Restate the whole of the data below word for word, skipping the images.

....................

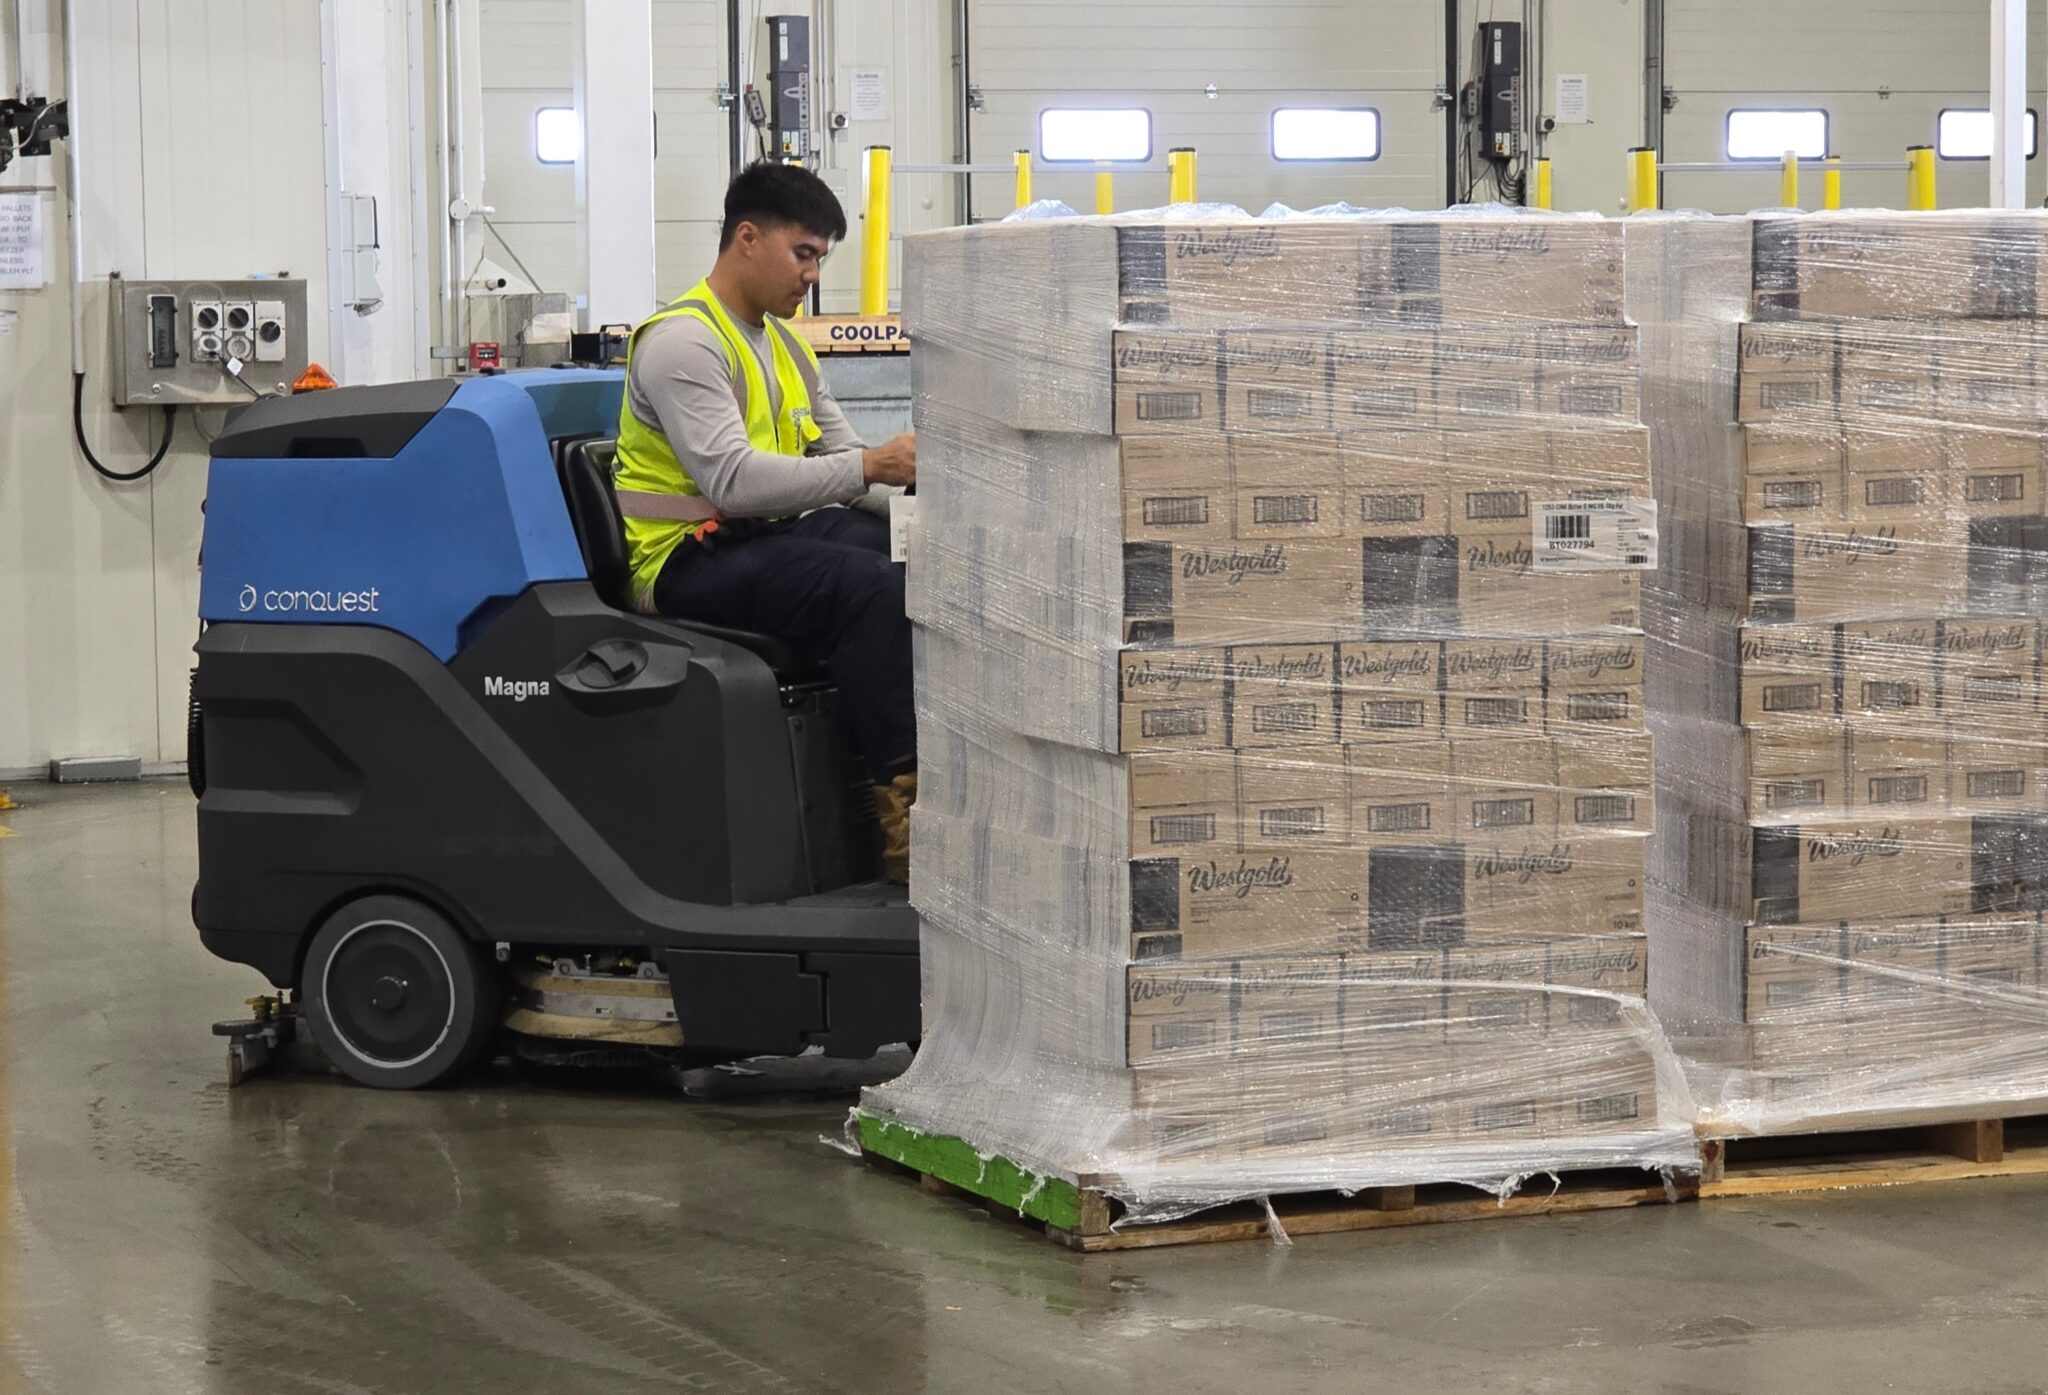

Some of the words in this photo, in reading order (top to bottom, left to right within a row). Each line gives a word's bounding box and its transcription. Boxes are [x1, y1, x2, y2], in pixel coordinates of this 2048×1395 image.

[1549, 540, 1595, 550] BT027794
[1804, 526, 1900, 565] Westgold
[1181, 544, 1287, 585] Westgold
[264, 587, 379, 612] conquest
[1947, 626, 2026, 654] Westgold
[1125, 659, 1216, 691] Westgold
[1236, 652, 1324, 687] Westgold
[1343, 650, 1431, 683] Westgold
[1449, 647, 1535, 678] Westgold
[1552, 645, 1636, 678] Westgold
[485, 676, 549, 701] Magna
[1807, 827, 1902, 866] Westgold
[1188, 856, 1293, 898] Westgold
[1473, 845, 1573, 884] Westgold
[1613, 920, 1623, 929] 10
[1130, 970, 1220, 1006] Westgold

....................

» Response to this exercise:
Some of the words in this photo, in reading order (top to bottom, left to right within a row). Each line gives a word's bounding box and its transcription. Boxes are [x1, y1, x2, y2], in pixel coordinates of this 2048×1395 image.

[1549, 540, 1595, 550] BT027794
[1804, 526, 1900, 565] Westgold
[1181, 544, 1287, 585] Westgold
[264, 587, 379, 612] conquest
[1947, 626, 2026, 654] Westgold
[1125, 659, 1216, 691] Westgold
[1236, 652, 1324, 687] Westgold
[1343, 650, 1431, 683] Westgold
[1449, 647, 1535, 678] Westgold
[1552, 645, 1636, 678] Westgold
[485, 676, 549, 701] Magna
[1807, 827, 1902, 866] Westgold
[1188, 856, 1293, 898] Westgold
[1473, 845, 1573, 884] Westgold
[1613, 920, 1623, 929] 10
[1130, 970, 1220, 1006] Westgold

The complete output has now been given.